[Data for this task — start]
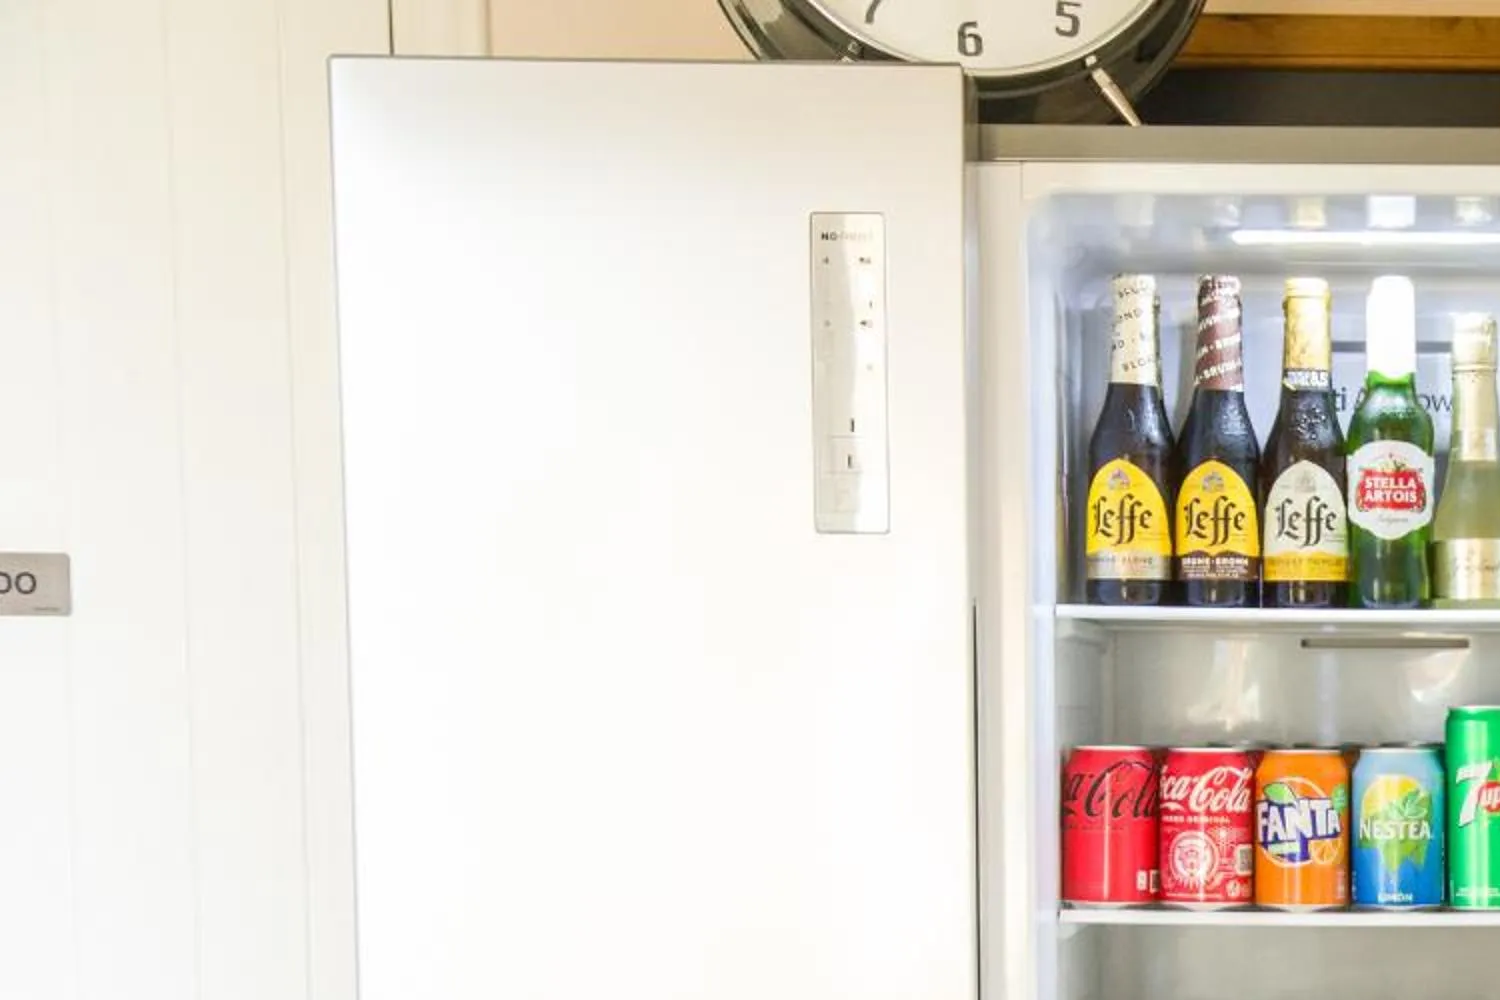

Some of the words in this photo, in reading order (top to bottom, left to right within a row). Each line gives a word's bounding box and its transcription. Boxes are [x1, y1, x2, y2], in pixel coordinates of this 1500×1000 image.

[1055, 2, 1081, 37] 5
[957, 21, 983, 56] 6
[1364, 476, 1416, 489] STELLA
[1364, 490, 1417, 503] ARTOIS
[1093, 493, 1153, 545] Leffe
[1185, 493, 1245, 545] Leffe
[1276, 495, 1337, 546] Leffe
[1257, 798, 1341, 843] FANTA
[1359, 820, 1433, 840] NESTEA
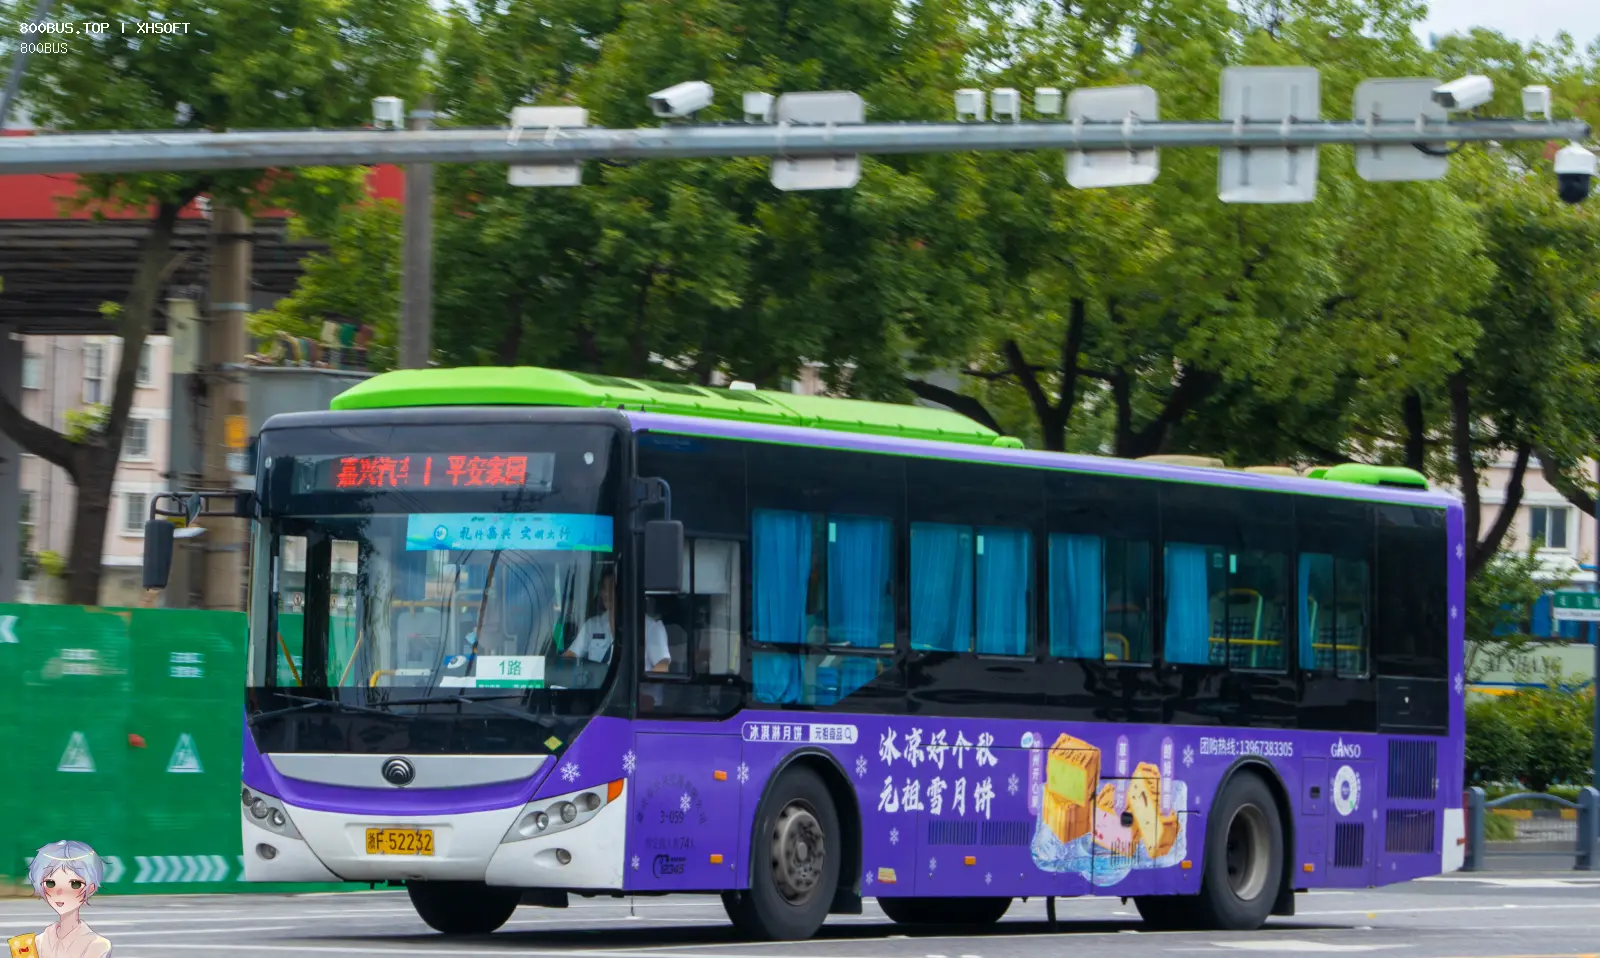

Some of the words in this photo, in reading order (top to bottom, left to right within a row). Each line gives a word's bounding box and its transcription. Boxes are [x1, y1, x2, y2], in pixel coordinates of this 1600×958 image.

[499, 660, 522, 676] 1路
[749, 724, 803, 741] 冰淇淋月饼
[878, 727, 998, 769] 冰凉好个秋
[1331, 736, 1361, 758] GANSO
[877, 775, 996, 820] 元祖雪月饼
[660, 811, 684, 824] 3-059
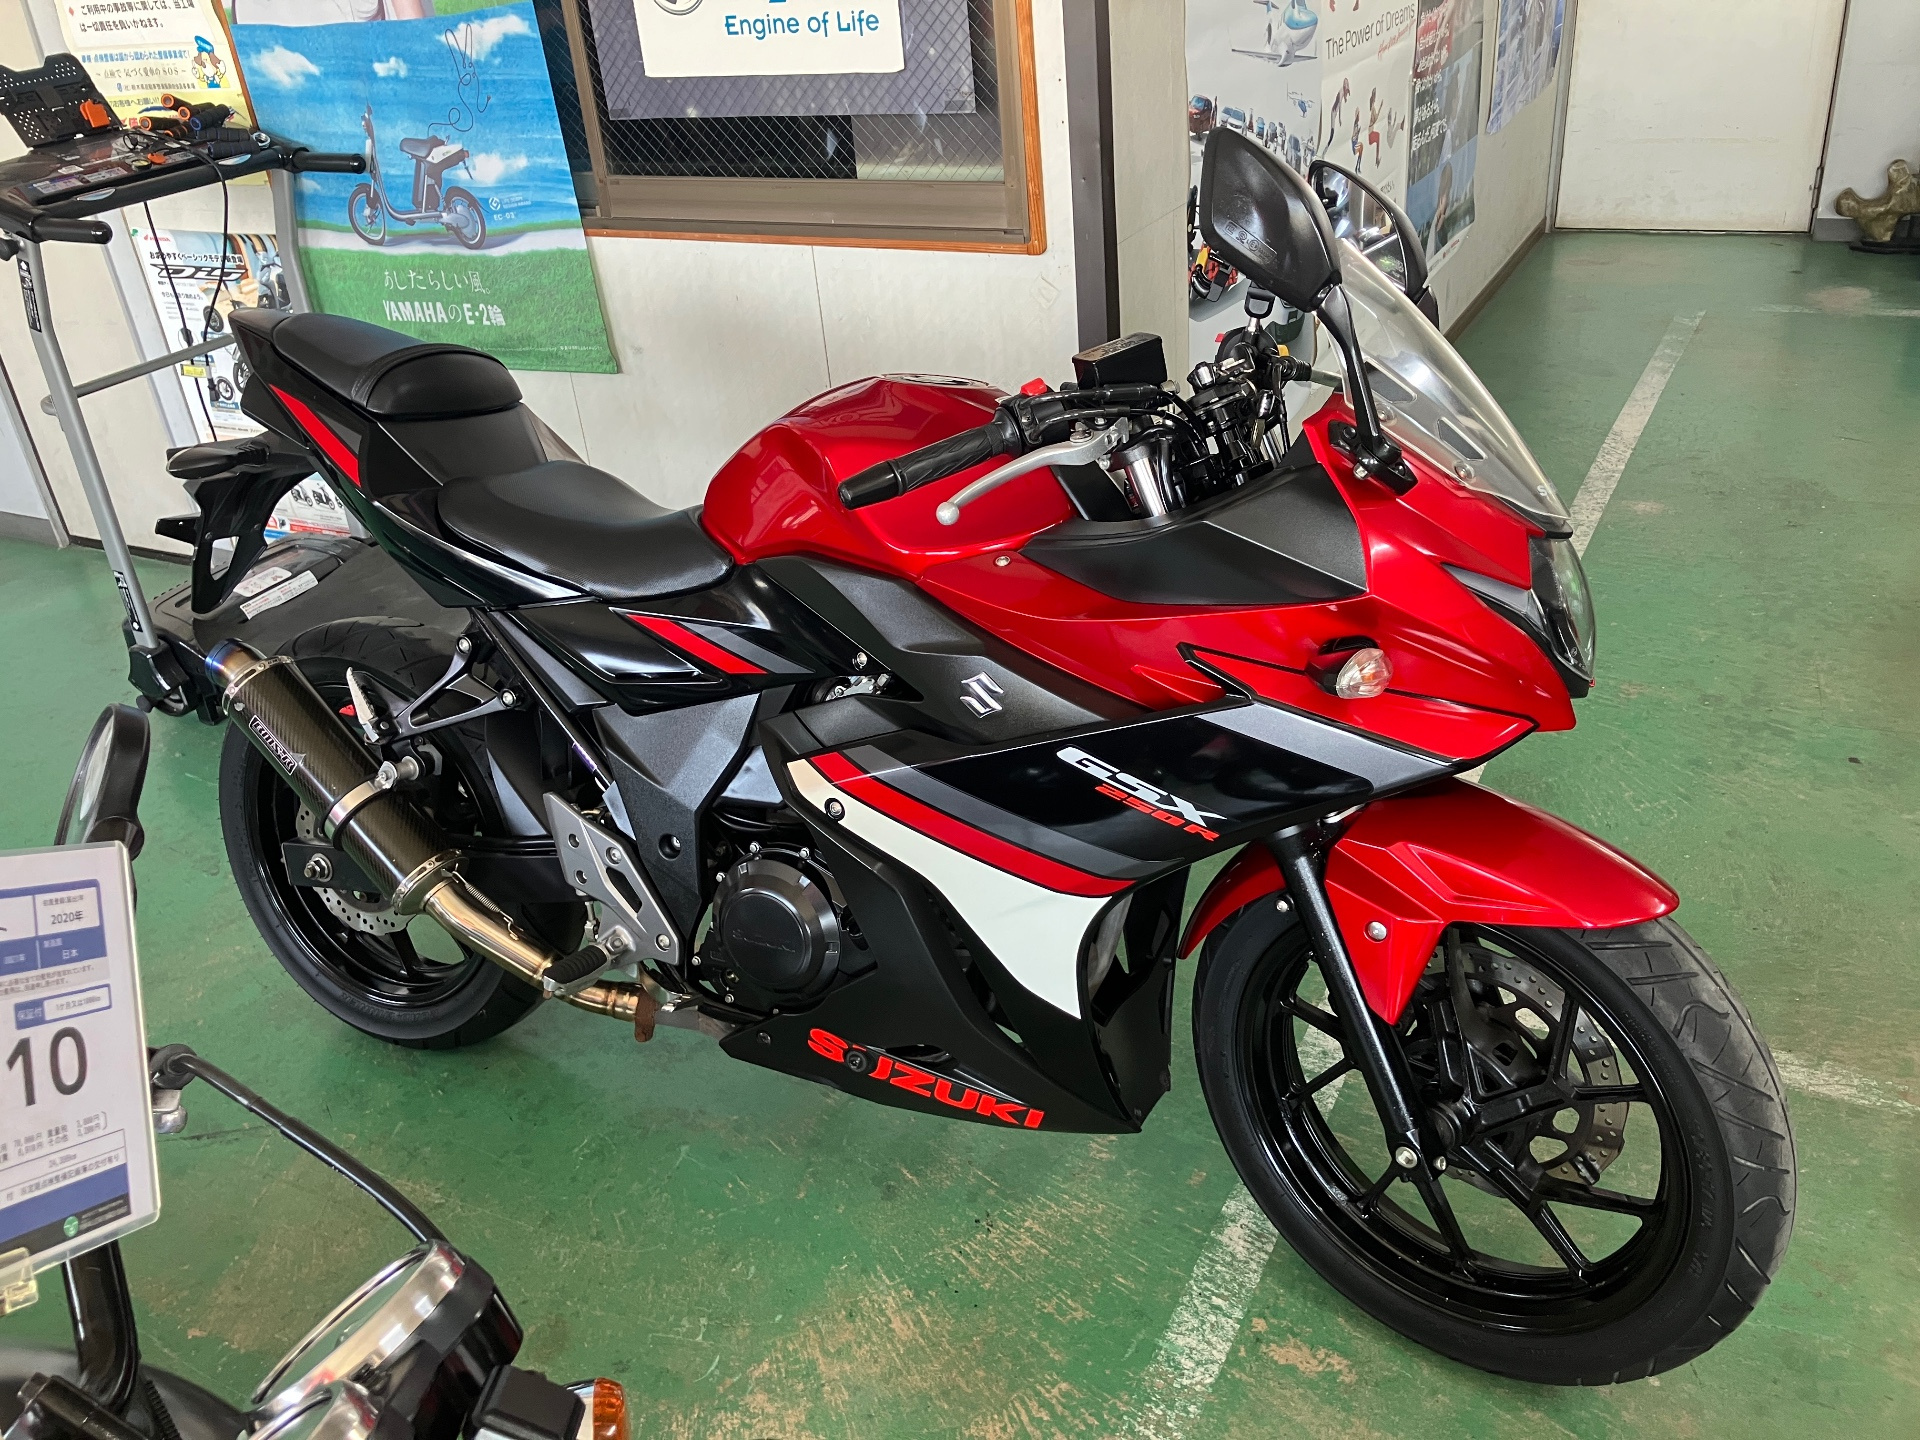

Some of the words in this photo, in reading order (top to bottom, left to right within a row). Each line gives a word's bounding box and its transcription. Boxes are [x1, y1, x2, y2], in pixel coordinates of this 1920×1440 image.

[724, 14, 800, 40] Engine
[807, 11, 829, 37] of
[836, 10, 880, 36] Life
[1325, 37, 1344, 60] The
[1345, 22, 1375, 52] Power
[1375, 13, 1385, 37] of
[1385, 3, 1416, 32] Dreams
[384, 270, 491, 294] あしたらしい風。
[1056, 746, 1227, 828] GSX
[1094, 783, 1220, 842] 250R
[51, 910, 84, 925] 2020年
[6, 1026, 88, 1107] 10
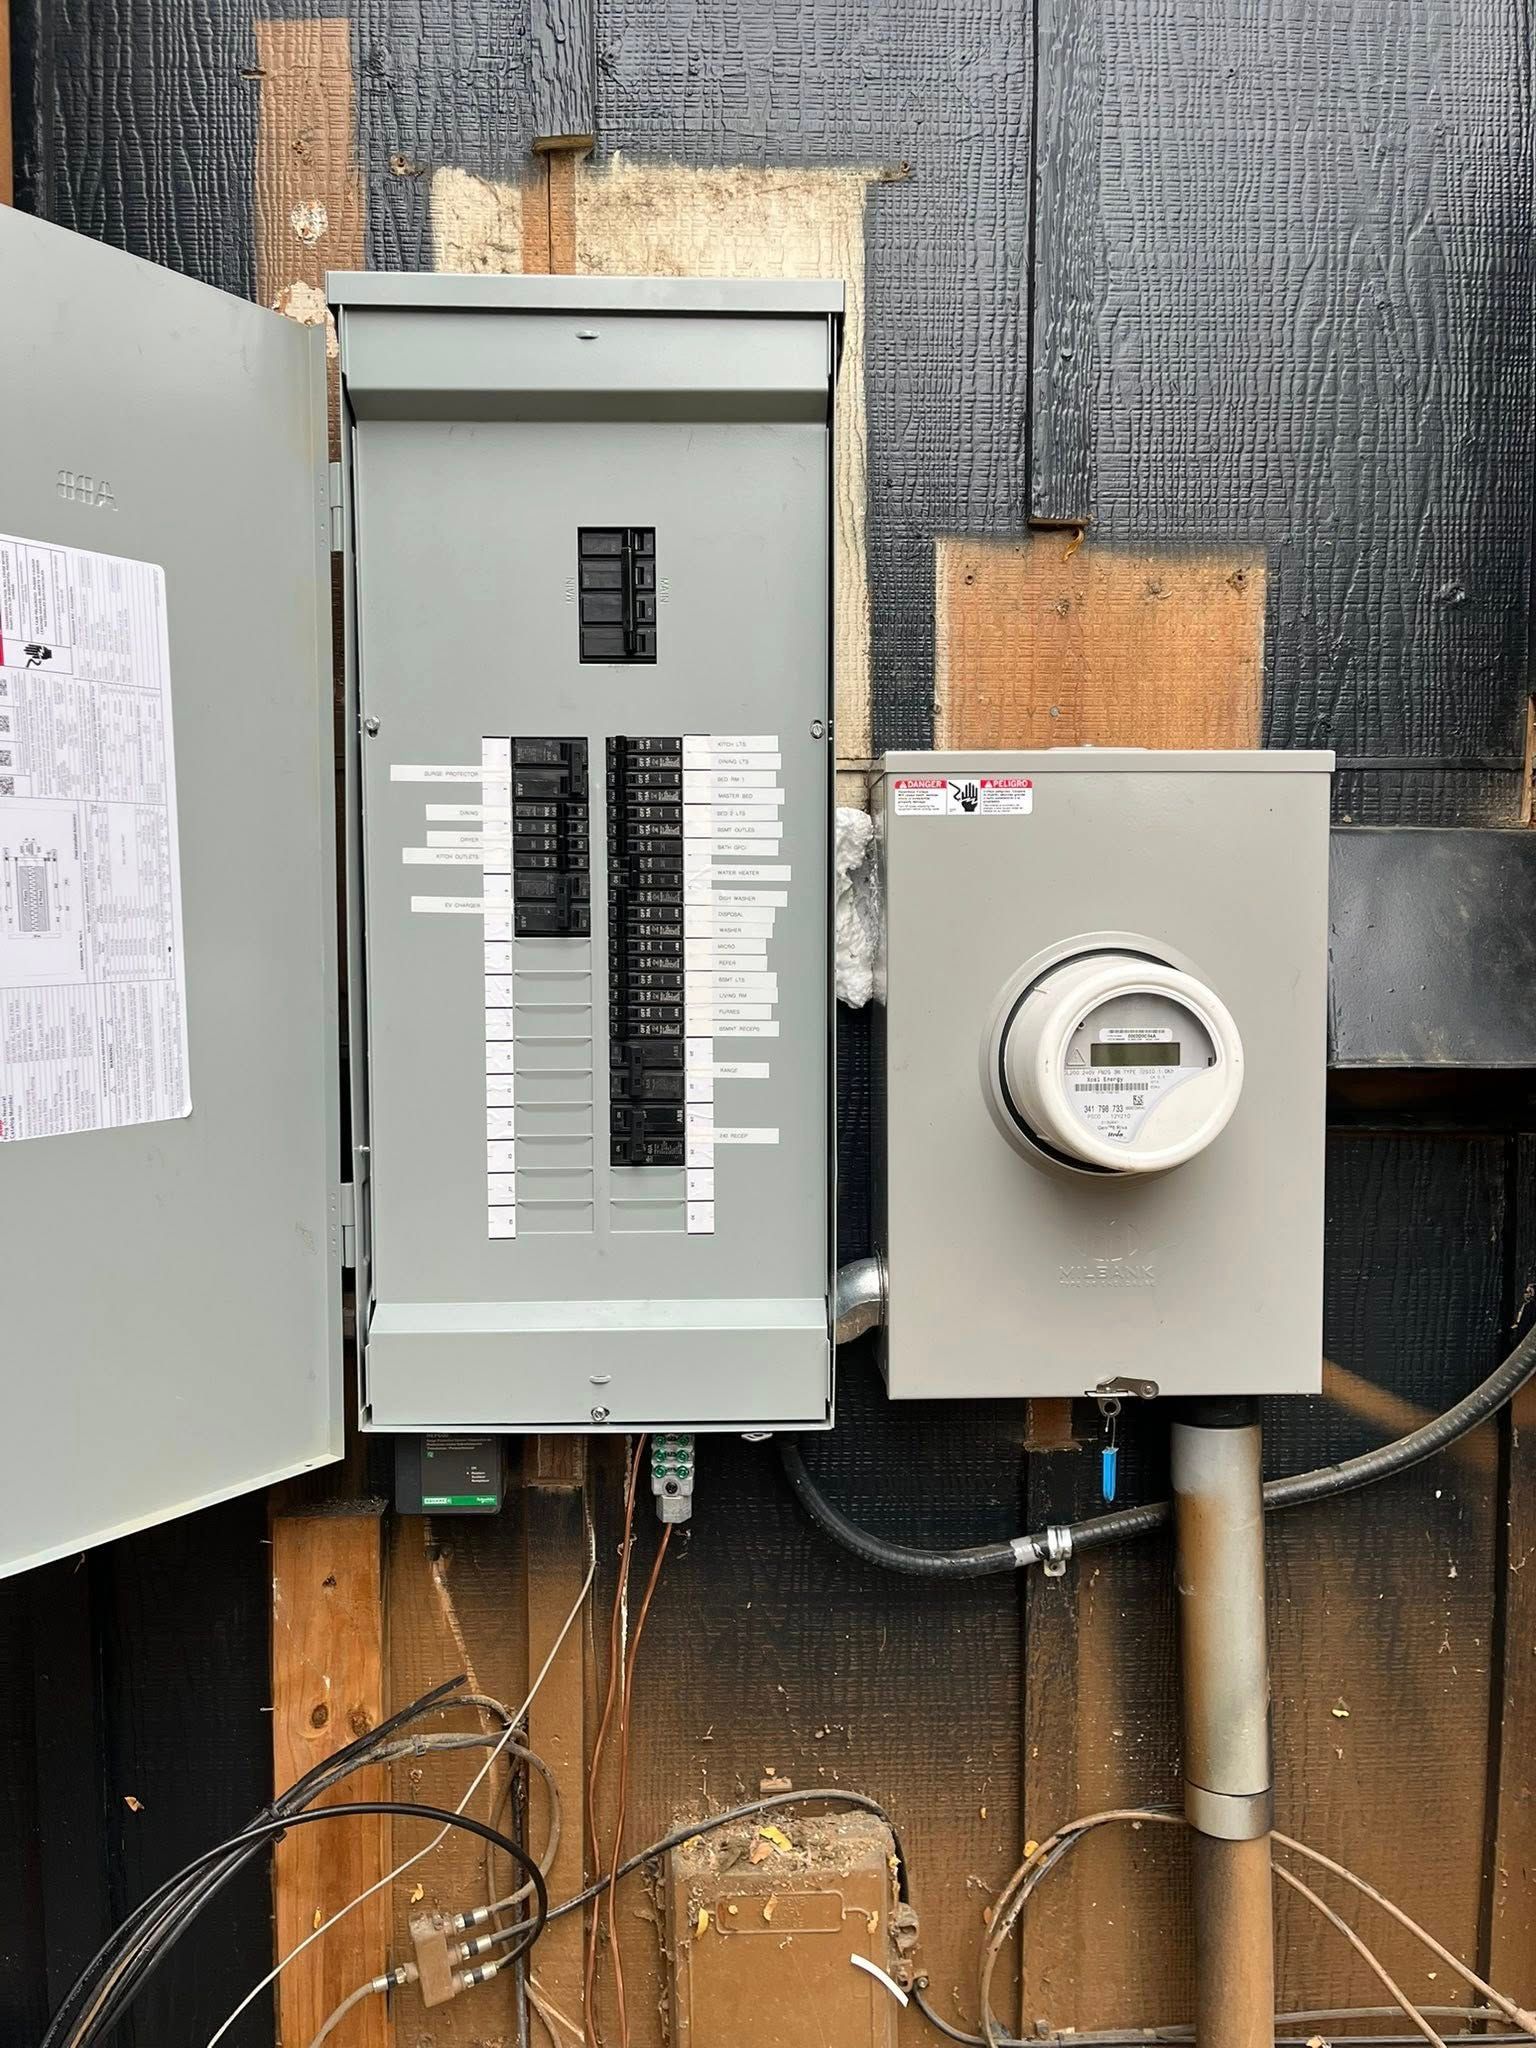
[Data for this task — finish]
## Directions for this task
Beginning with the line that contains "this 1920×1440 image." and ending with the last line of the data above, output those lines exactly and nothing more, without any pictures.

## Reply
Some of the words in this photo, in reading order (top to bottom, left to right within a row). Each line gives a word's bounding box and its transcription. Boxes are [x1, y1, x2, y2], in pixel coordinates of this 1920×1440 image.

[724, 14, 800, 40] Engine
[807, 11, 829, 37] of
[836, 10, 880, 36] Life
[1325, 37, 1344, 60] The
[1345, 22, 1375, 52] Power
[1375, 13, 1385, 37] of
[1385, 3, 1416, 32] Dreams
[384, 270, 491, 294] あしたらしい風。
[1056, 746, 1227, 828] GSX
[1094, 783, 1220, 842] 250R
[51, 910, 84, 925] 2020年
[6, 1026, 88, 1107] 10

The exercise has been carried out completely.